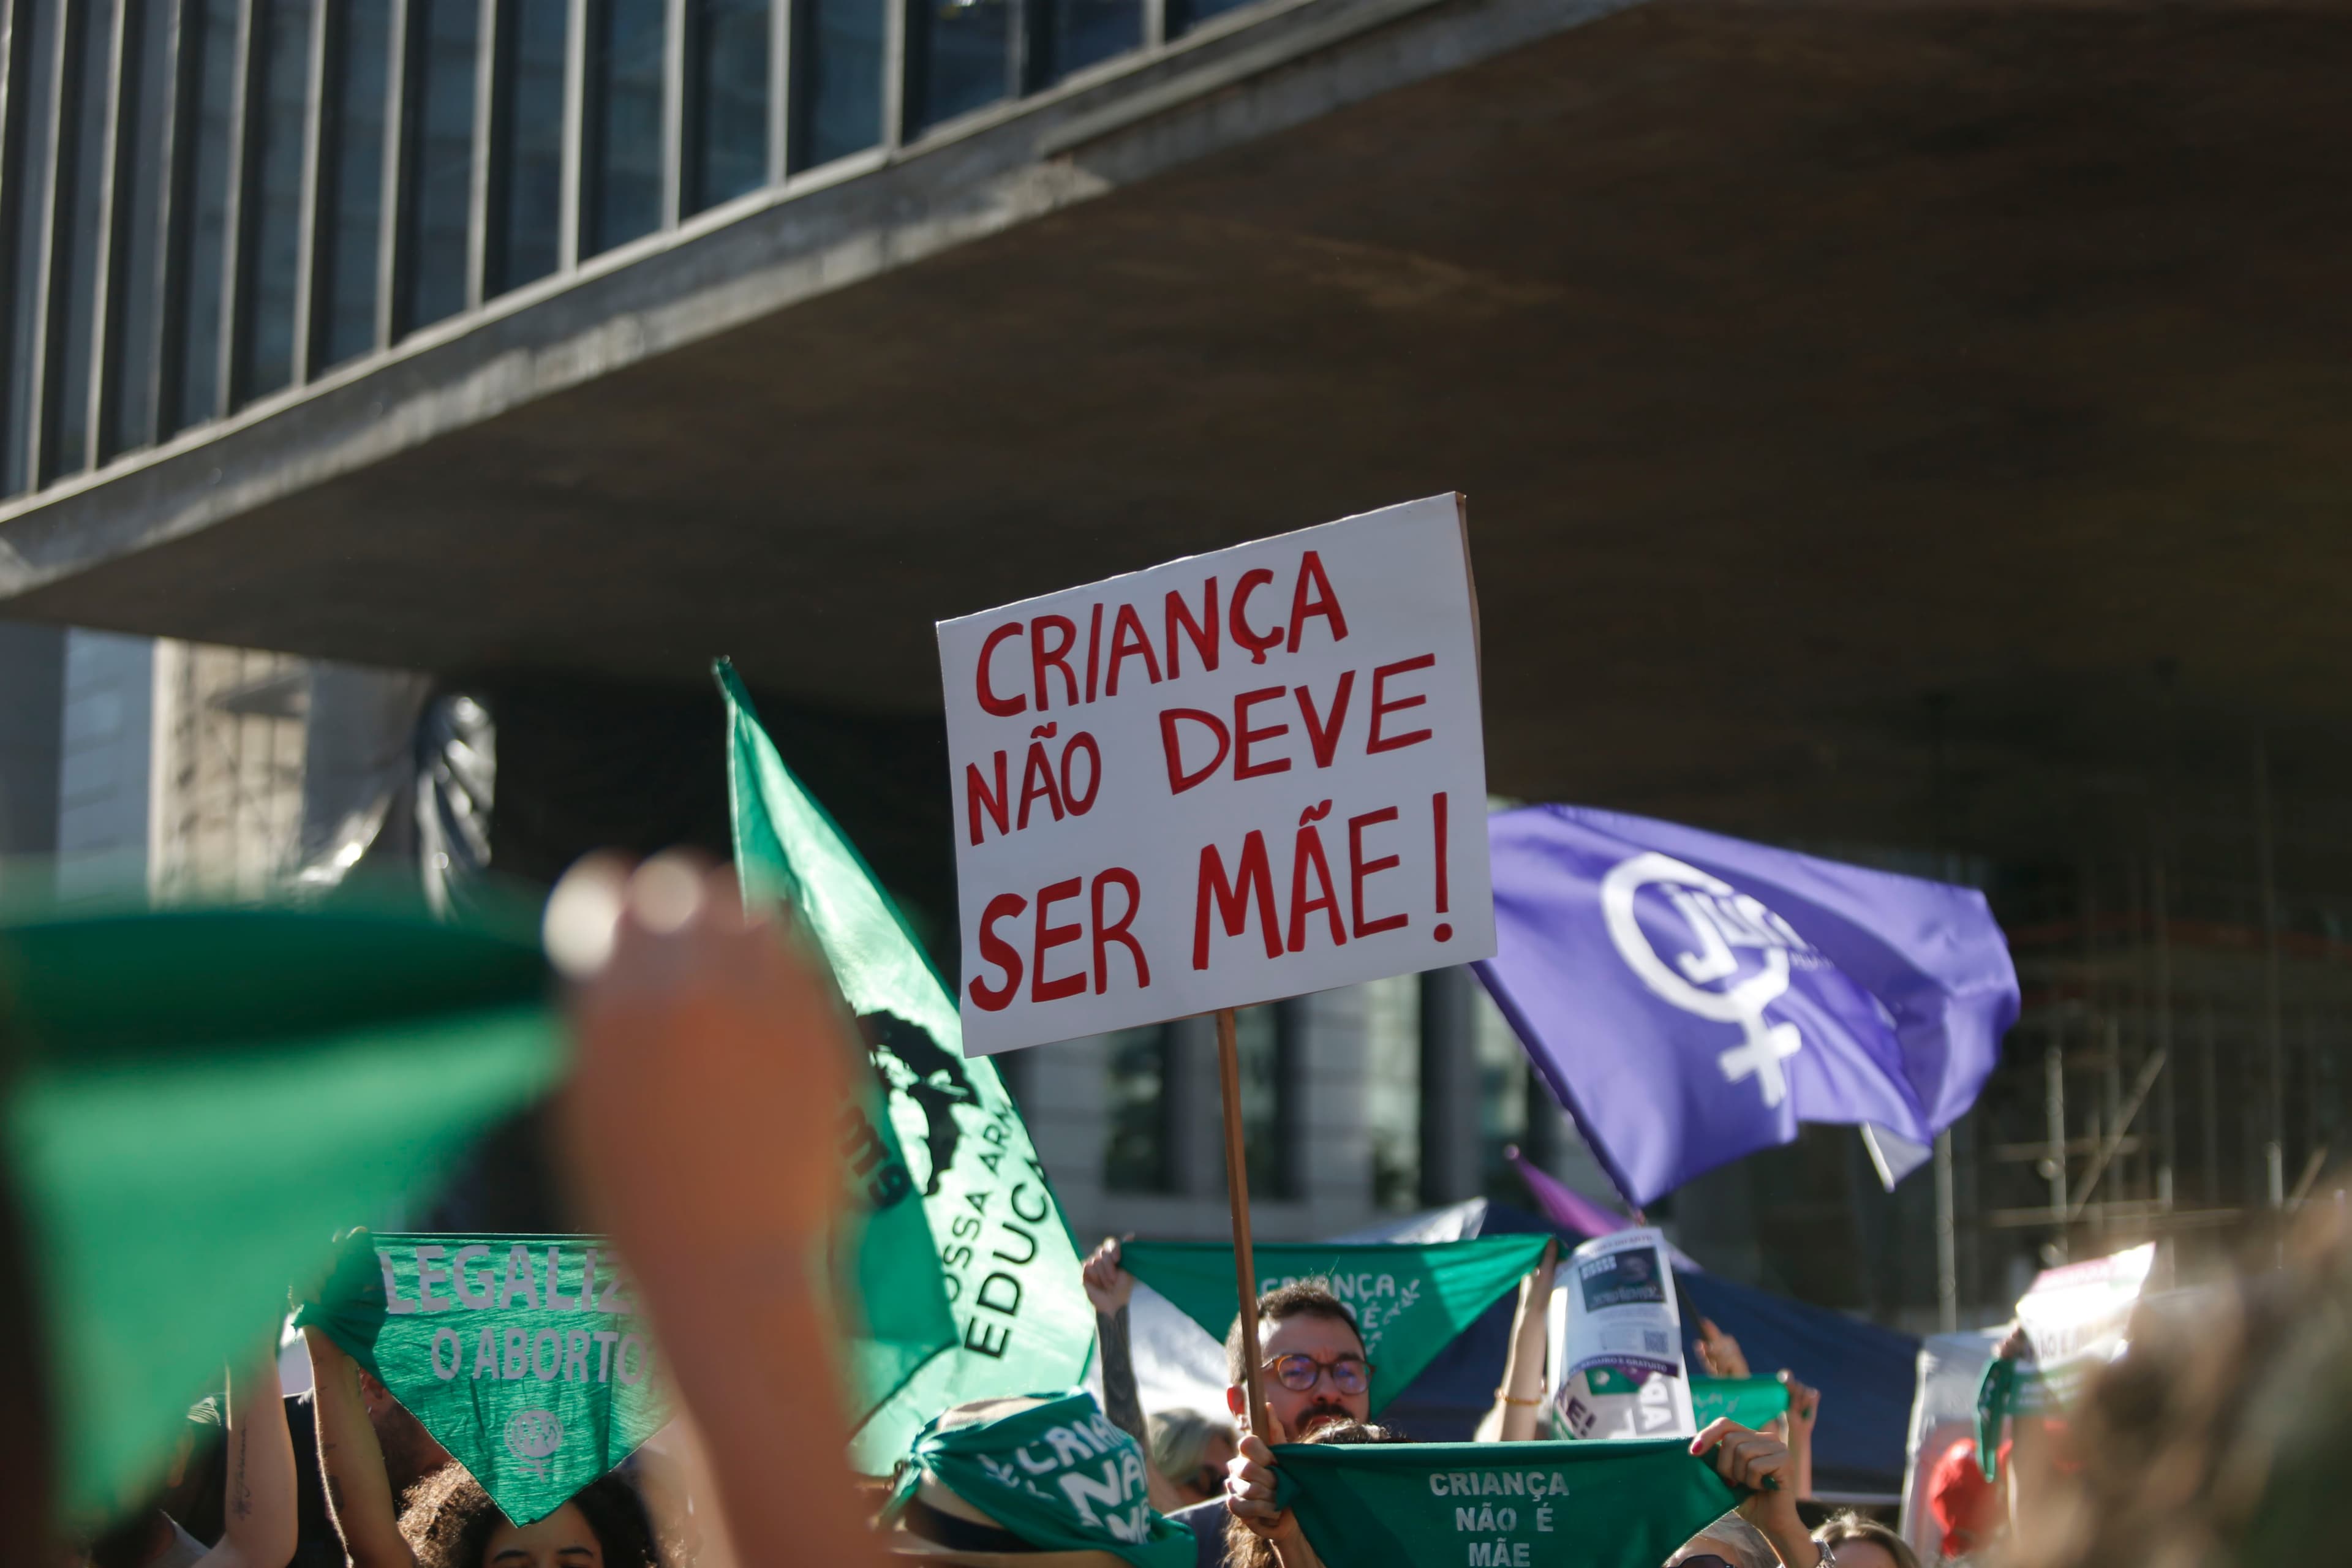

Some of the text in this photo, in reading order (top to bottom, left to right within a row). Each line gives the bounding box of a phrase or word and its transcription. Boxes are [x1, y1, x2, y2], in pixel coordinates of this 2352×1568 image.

[976, 551, 1348, 717] CRIANÇA
[966, 653, 1435, 846] NÃO DEVE
[969, 792, 1453, 1011] SER MÃE!
[431, 1327, 647, 1385] O ABORTO
[1430, 1472, 1569, 1501] CRIANÇA
[1456, 1502, 1553, 1531] NÃO É
[1469, 1537, 1531, 1567] MÃE
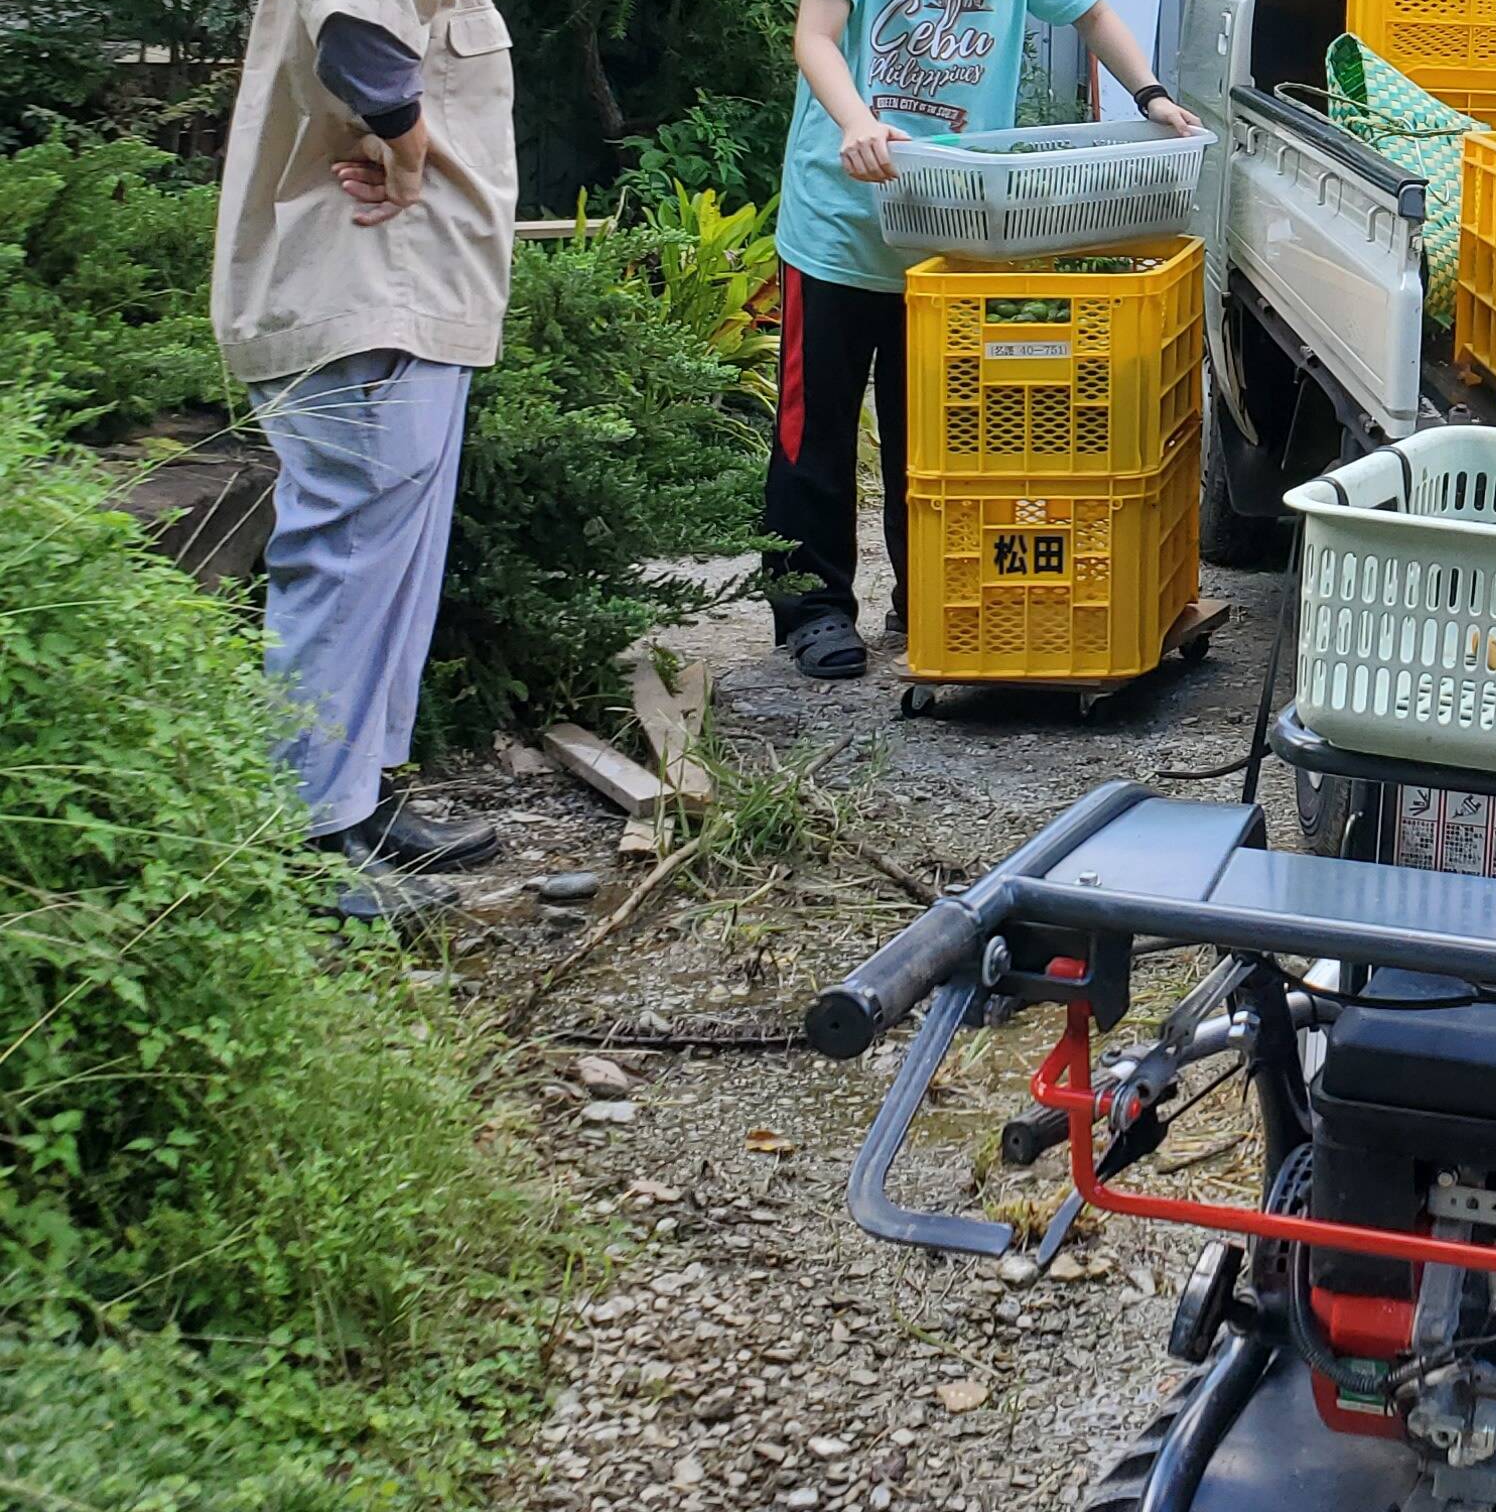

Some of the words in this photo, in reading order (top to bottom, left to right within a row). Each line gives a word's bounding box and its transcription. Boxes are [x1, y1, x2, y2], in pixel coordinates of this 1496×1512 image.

[868, 50, 985, 97] Philippines
[900, 99, 918, 111] CITY
[993, 534, 1064, 575] 松田

-*-

Each entry above is to be given again exactly, and any image in it is to be dropped.

Some of the text in this photo, in reading order (top to bottom, left to right within a row). Each line gives the bounding box of a phrase or word and its transcription. Boxes are [x1, y1, x2, y2], in pixel coordinates of this 2352×1568 image.

[976, 551, 1348, 717] CRIANÇA
[966, 653, 1435, 846] NÃO DEVE
[969, 792, 1453, 1011] SER MÃE!
[431, 1327, 647, 1385] O ABORTO
[1430, 1472, 1569, 1501] CRIANÇA
[1456, 1502, 1553, 1531] NÃO É
[1469, 1537, 1531, 1567] MÃE

Some of the words in this photo, in reading order (top to bottom, left to right within a row). Each line gives a word's bounding box and its transcription. Boxes are [x1, y1, x2, y2], in pixel coordinates of this 1496×1512 image.

[868, 50, 985, 97] Philippines
[900, 99, 918, 111] CITY
[993, 534, 1064, 575] 松田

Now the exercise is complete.